[DATASET EXCERPTS Boundary: Start]
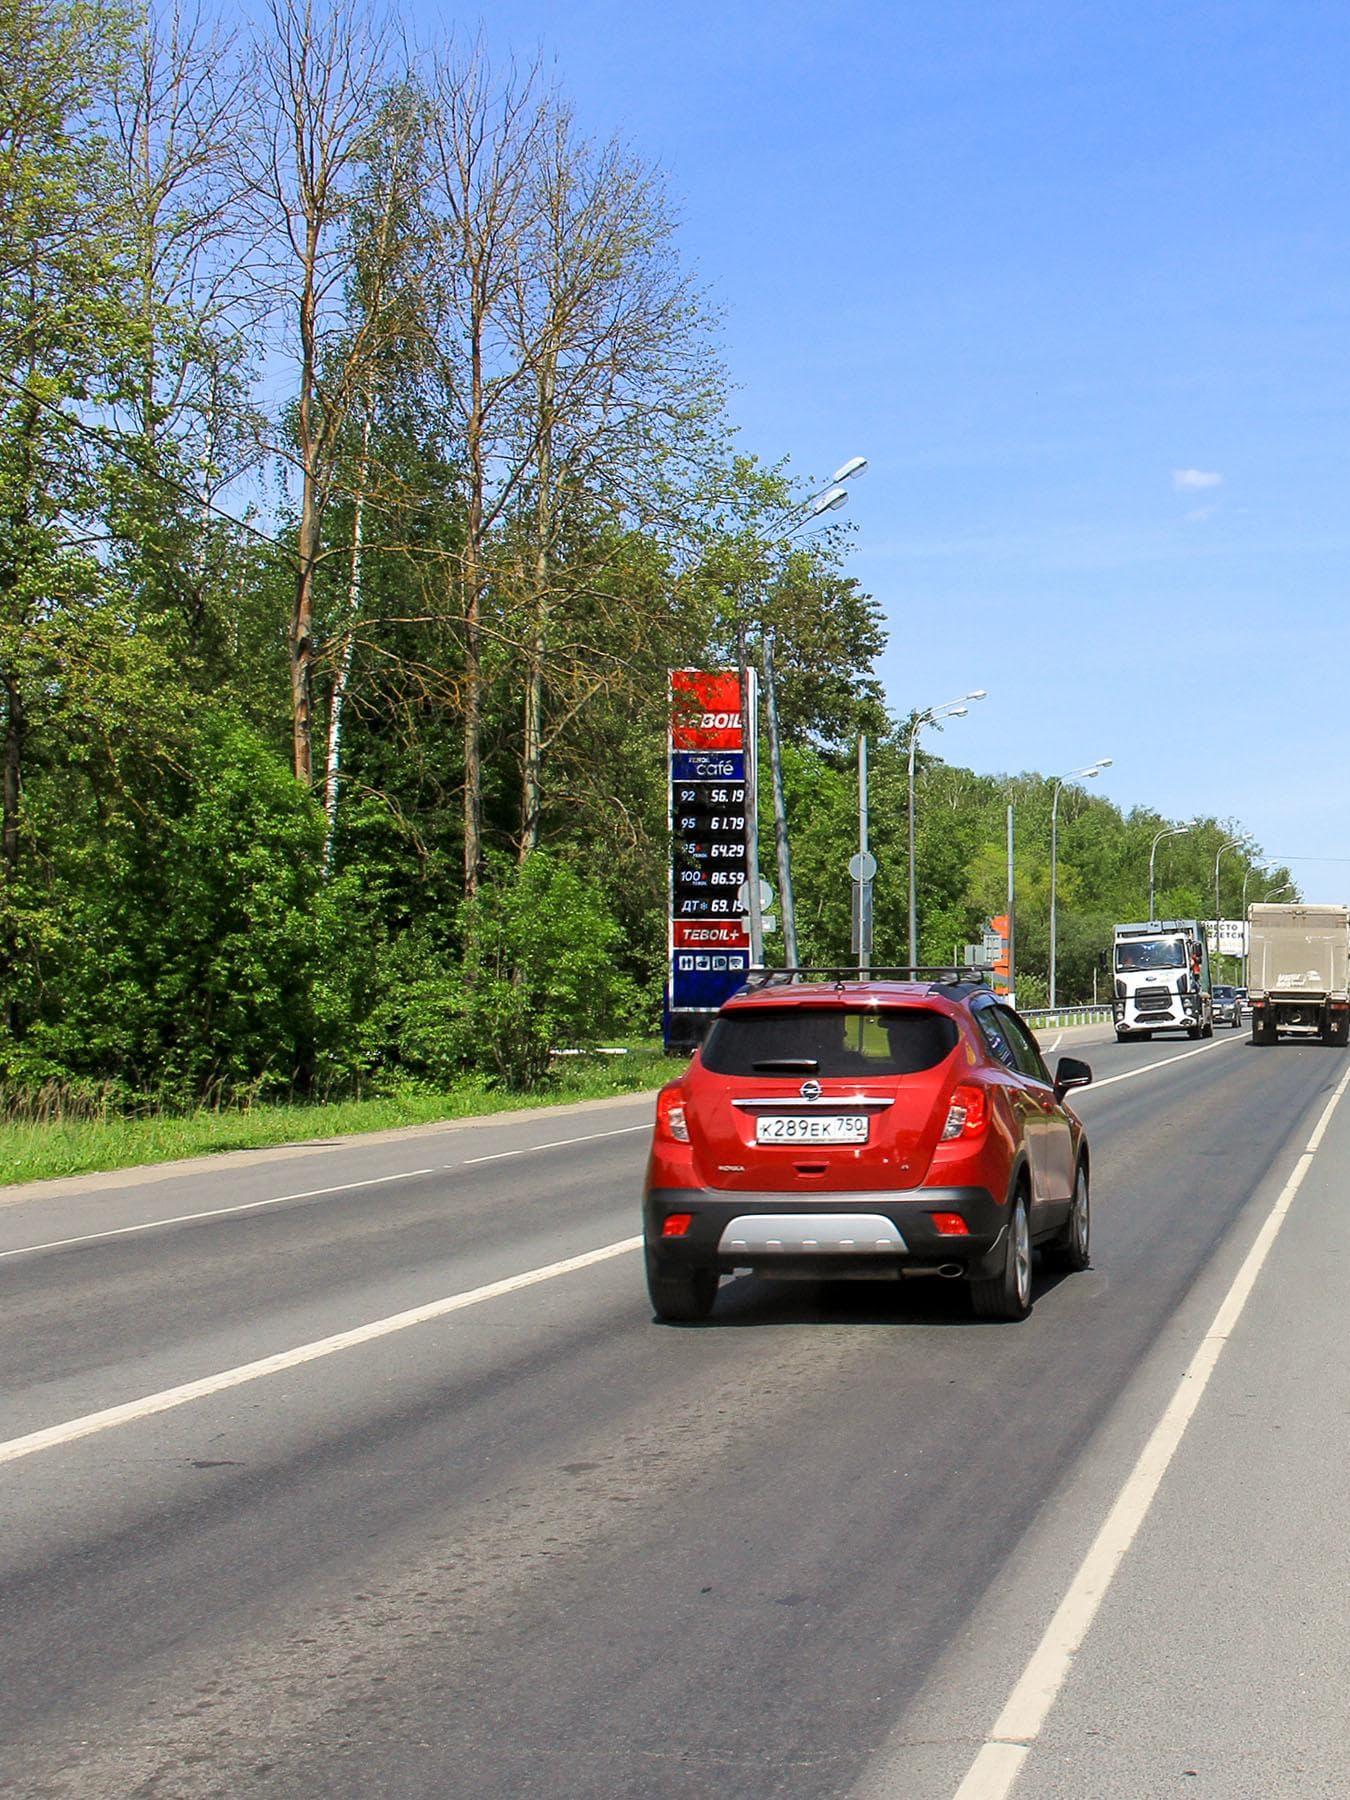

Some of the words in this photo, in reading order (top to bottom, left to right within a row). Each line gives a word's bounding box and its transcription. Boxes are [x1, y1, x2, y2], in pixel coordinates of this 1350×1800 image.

[696, 760, 734, 775] café
[681, 790, 696, 801] 92
[711, 789, 744, 802] 56.19
[681, 818, 696, 828] 95
[711, 817, 744, 829] 61.79
[711, 845, 744, 857] 64.29
[681, 871, 701, 881] 100
[711, 872, 745, 884] 86.59
[682, 900, 699, 912] ДТ
[837, 1118, 864, 1131] 750
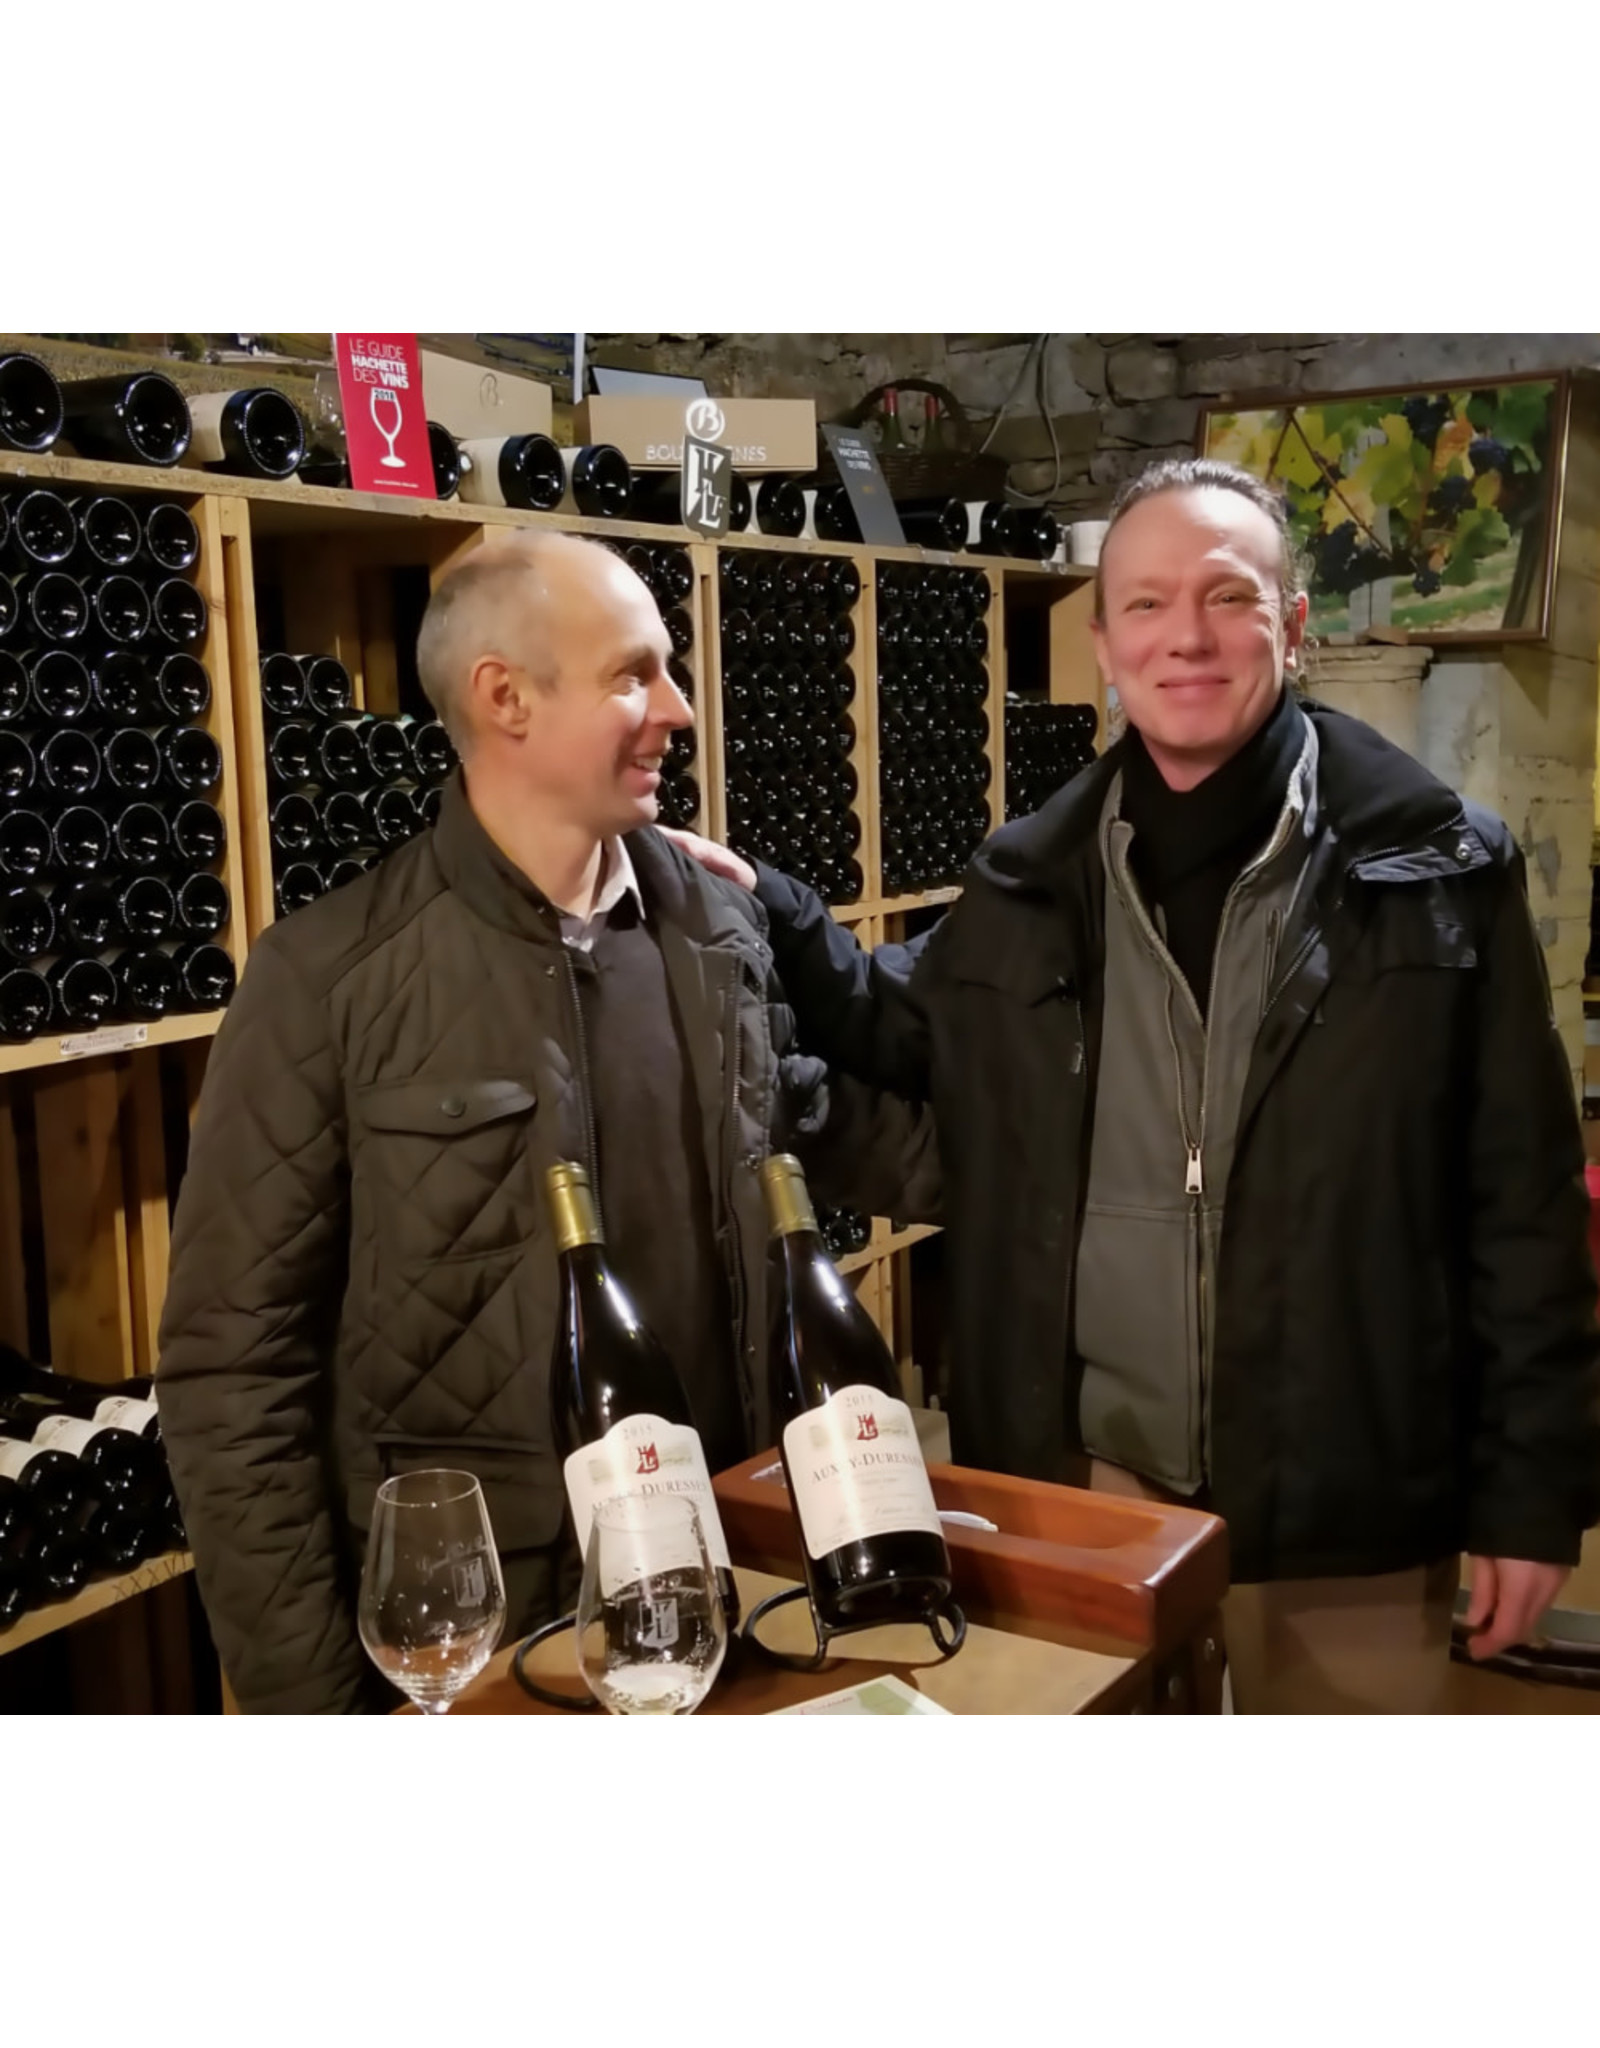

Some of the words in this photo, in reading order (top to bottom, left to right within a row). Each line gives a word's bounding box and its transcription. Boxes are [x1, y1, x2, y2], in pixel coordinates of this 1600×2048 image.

[349, 338, 365, 354] LE
[367, 341, 404, 361] GUIDE
[351, 353, 407, 375] HACHETTE
[353, 367, 378, 385] DES
[379, 371, 409, 390] VINS
[DATASET EXCERPTS Boundary: End]
Repeat the listing exactly; do not print any picture.

» SOLUTION FOR THIS EXERCISE:
Some of the words in this photo, in reading order (top to bottom, left to right within a row). Each line gives a word's bounding box and its transcription. Boxes are [x1, y1, x2, y2], in pixel coordinates of this 1350×1800 image.

[696, 760, 734, 775] café
[681, 790, 696, 801] 92
[711, 789, 744, 802] 56.19
[681, 818, 696, 828] 95
[711, 817, 744, 829] 61.79
[711, 845, 744, 857] 64.29
[681, 871, 701, 881] 100
[711, 872, 745, 884] 86.59
[682, 900, 699, 912] ДТ
[837, 1118, 864, 1131] 750

Some of the words in this photo, in reading order (top to bottom, left to right within a row). Each line gives a word's bounding box and its transcription. Boxes are [x1, y1, x2, y2], in pixel coordinates of this 1600×2048 image.

[349, 338, 365, 354] LE
[367, 341, 404, 361] GUIDE
[351, 353, 407, 375] HACHETTE
[353, 367, 378, 385] DES
[379, 371, 409, 390] VINS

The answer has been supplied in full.